Но главное страдание Зины заключалось не в веснушках и даже не в ранении, а в том, что Колесников по-прежнему не обращал на нее никакого внимания. Для него она была такой же боец, как и все, и даже немножечко хуже. Правда, он не выгнал ее из батальона, как выгонял других, но кто знает, что в таком случае лучше: быть любимой вдали от него или нелюбимой — близко… Впрочем, для нее имело значение то, что именно ее, а не другую Колесников вынес из боя на руках… Сейчас, покачиваясь на носилках, она решала очень сложный вопрос: совсем или не совсем безразлична она для Геннадия Колесникова. От этих мыслей у нее разболелась голова, и Зинка не раз уже подумывала о том, как хорошо было в ее жизни, пока не пришла эта незваная и такая неудачная любовь.
Только к вечеру, изрядно поплутав, головные отряда ступили на твердую землю.

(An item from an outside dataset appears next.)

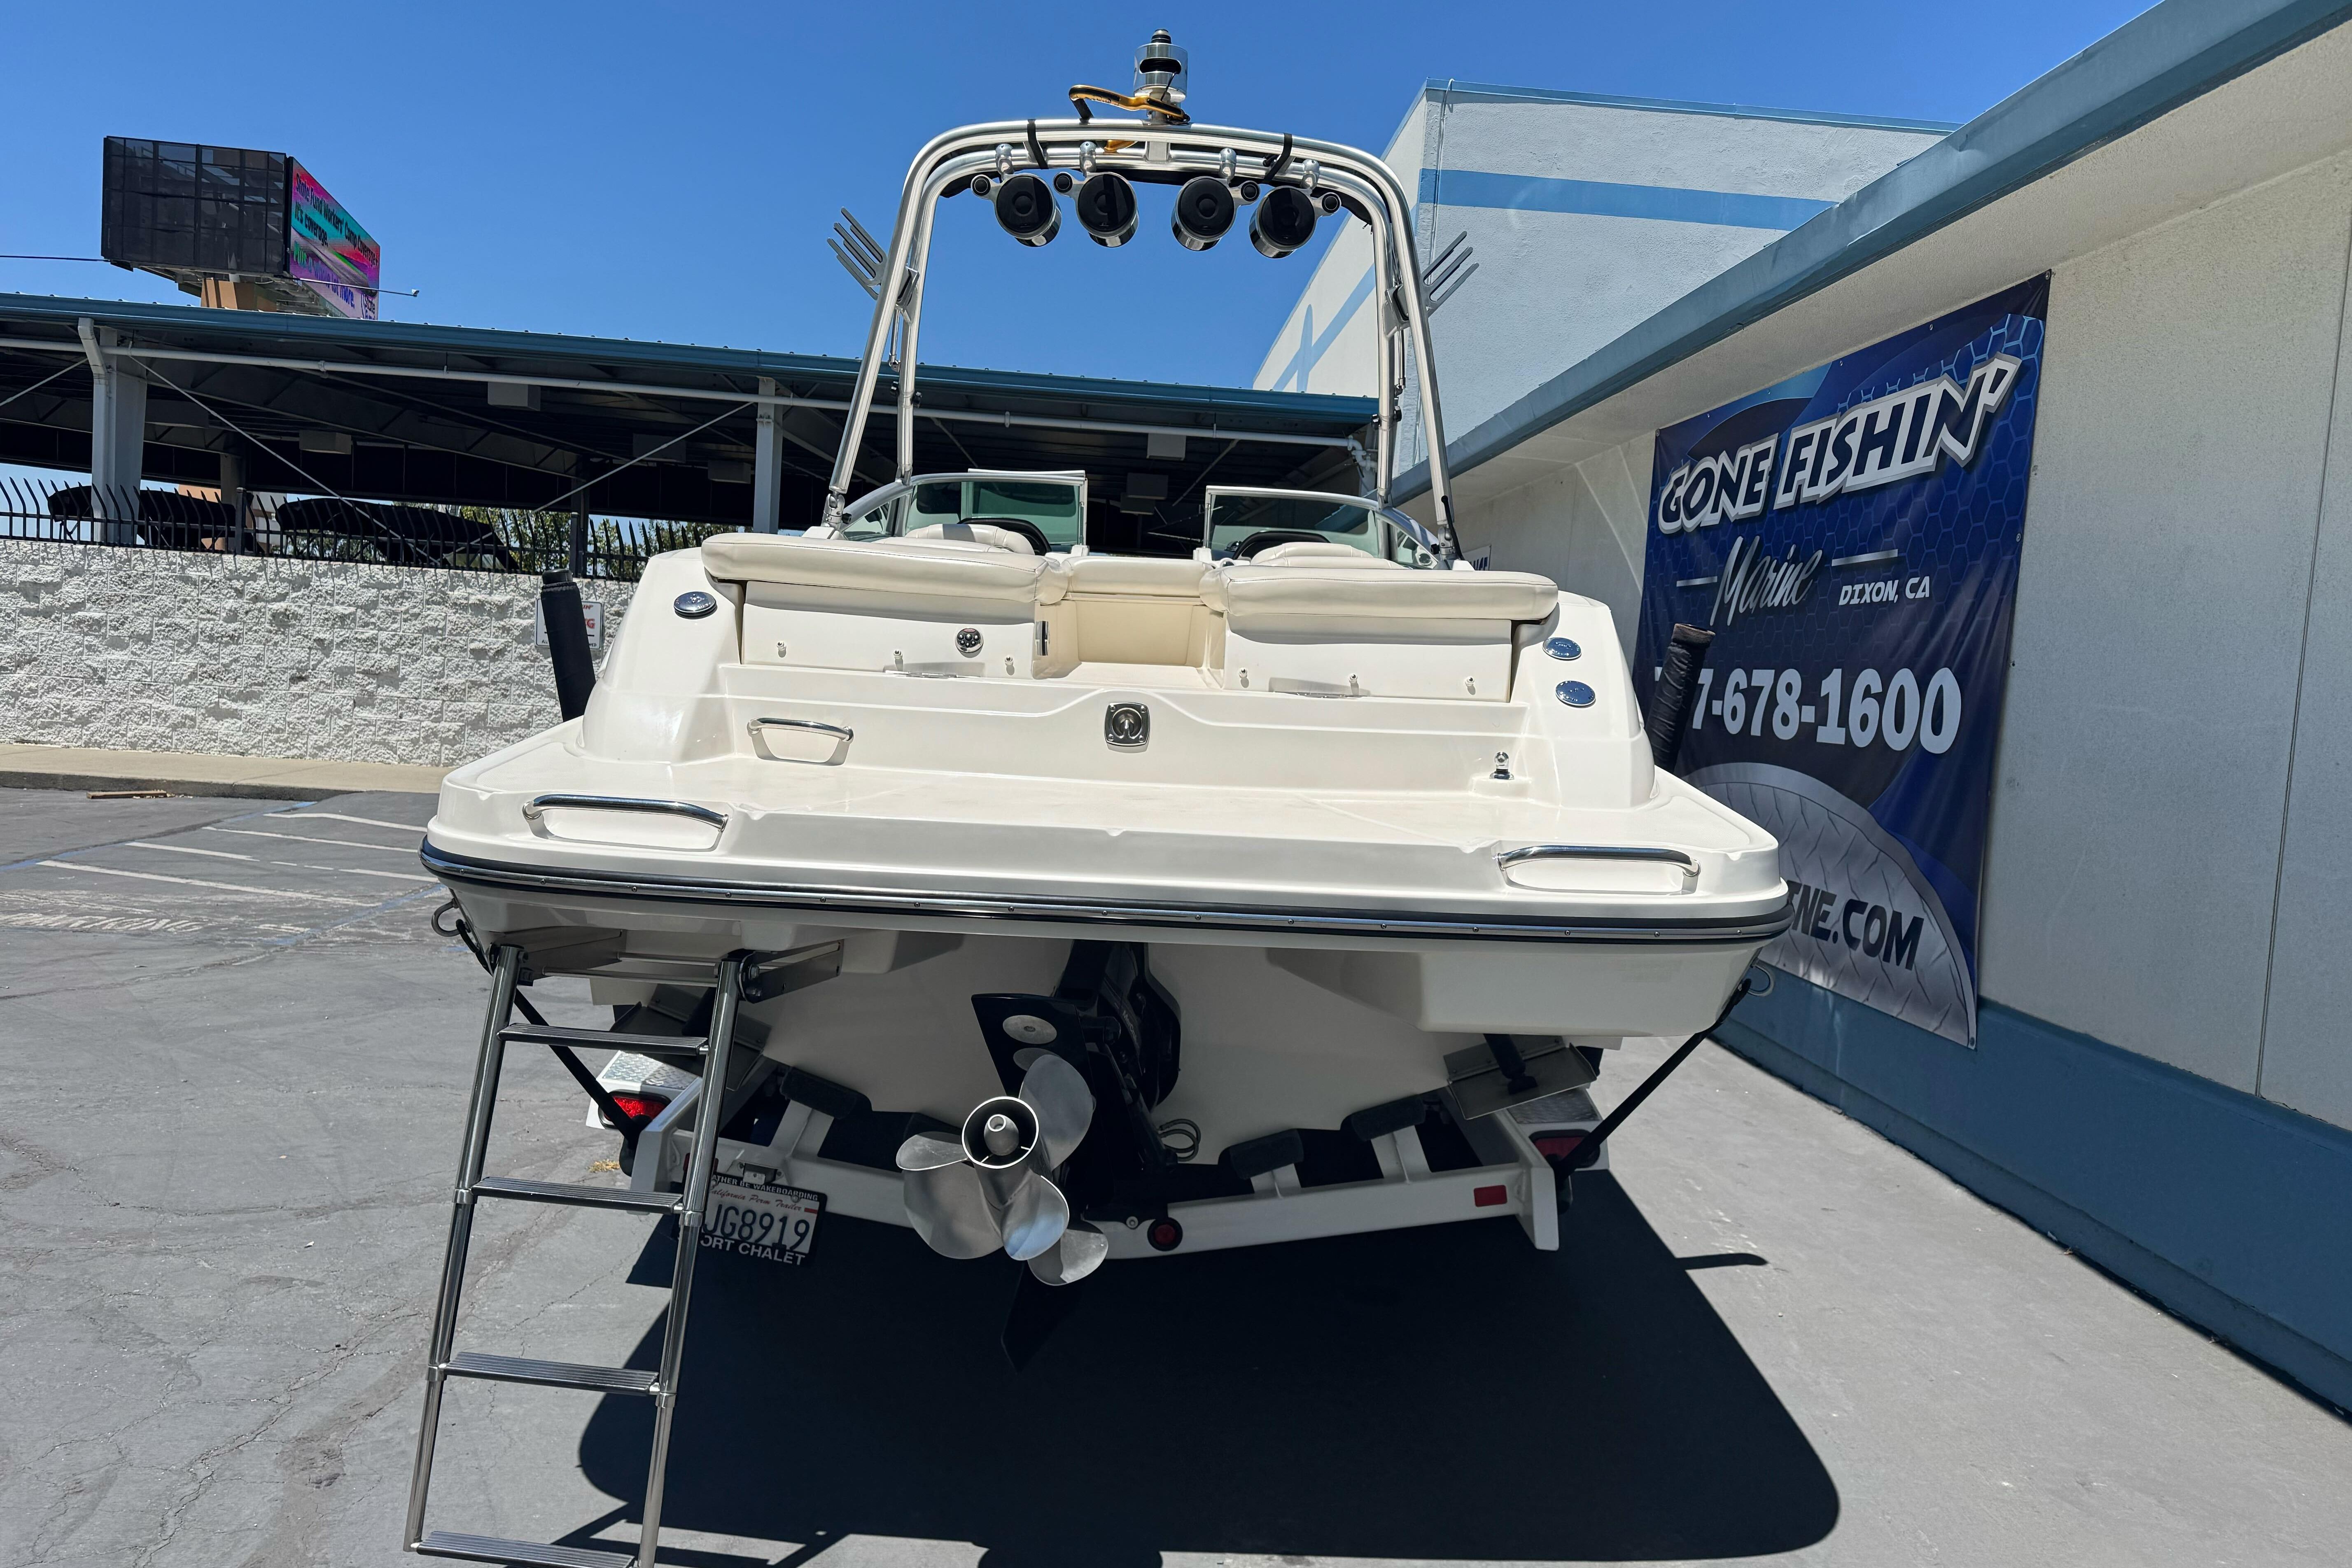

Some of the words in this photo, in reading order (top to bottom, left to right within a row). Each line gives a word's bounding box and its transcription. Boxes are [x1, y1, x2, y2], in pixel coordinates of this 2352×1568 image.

Игнат Матвеевич, закрыв с вечера жарко натопленную печь (внучке занедужилось — простыла где-то), мучался теперь у себя на полатях, не зная куда деваться от жары. За ночь несколько раз вставал, садился к столу, курил, даже выходил в сени. К утру начал подремывать и тут услышал, как кто-то осторожно постучал в окно. Сперва старик подумал — чудится ему. Из деревни в глухую ночь никто приехать не мог, немцы по ночам тоже не ходили — боялись партизан. Игнат Матвеевич долго лежал, слушал, про себя соображая, кто бы это мог быть. Хутор его стоял в такой глуши, куда добрый человек, разве что с помощью нечистой силы, иначе и не попадет без провожатого. Сам-то хутор на взгорочке, а вся, как есть, низина вокруг — сплошное болото. Ни вспахать, ни посеять, разве что — сенокосы. Раньше Игнат Матвеевич ими и кормился: накосит сам, либо пустит кого на свой покос — глядишь, и денежка завелась. Свое хозяйство, хоть и небольшое, а было. В колхоз не вступил не потому, что был против колхозов. Считал, что стар и не хотел быть людям обузой. В последнюю зиму и вёсну перед войной особенно сильно нездоровилось. Раз уж под образами лежал… Из села священник приходил, исповедовал. Ничего, понемножку отдышался. Не иначе господь не допустил внучку оставить круглой сиротой.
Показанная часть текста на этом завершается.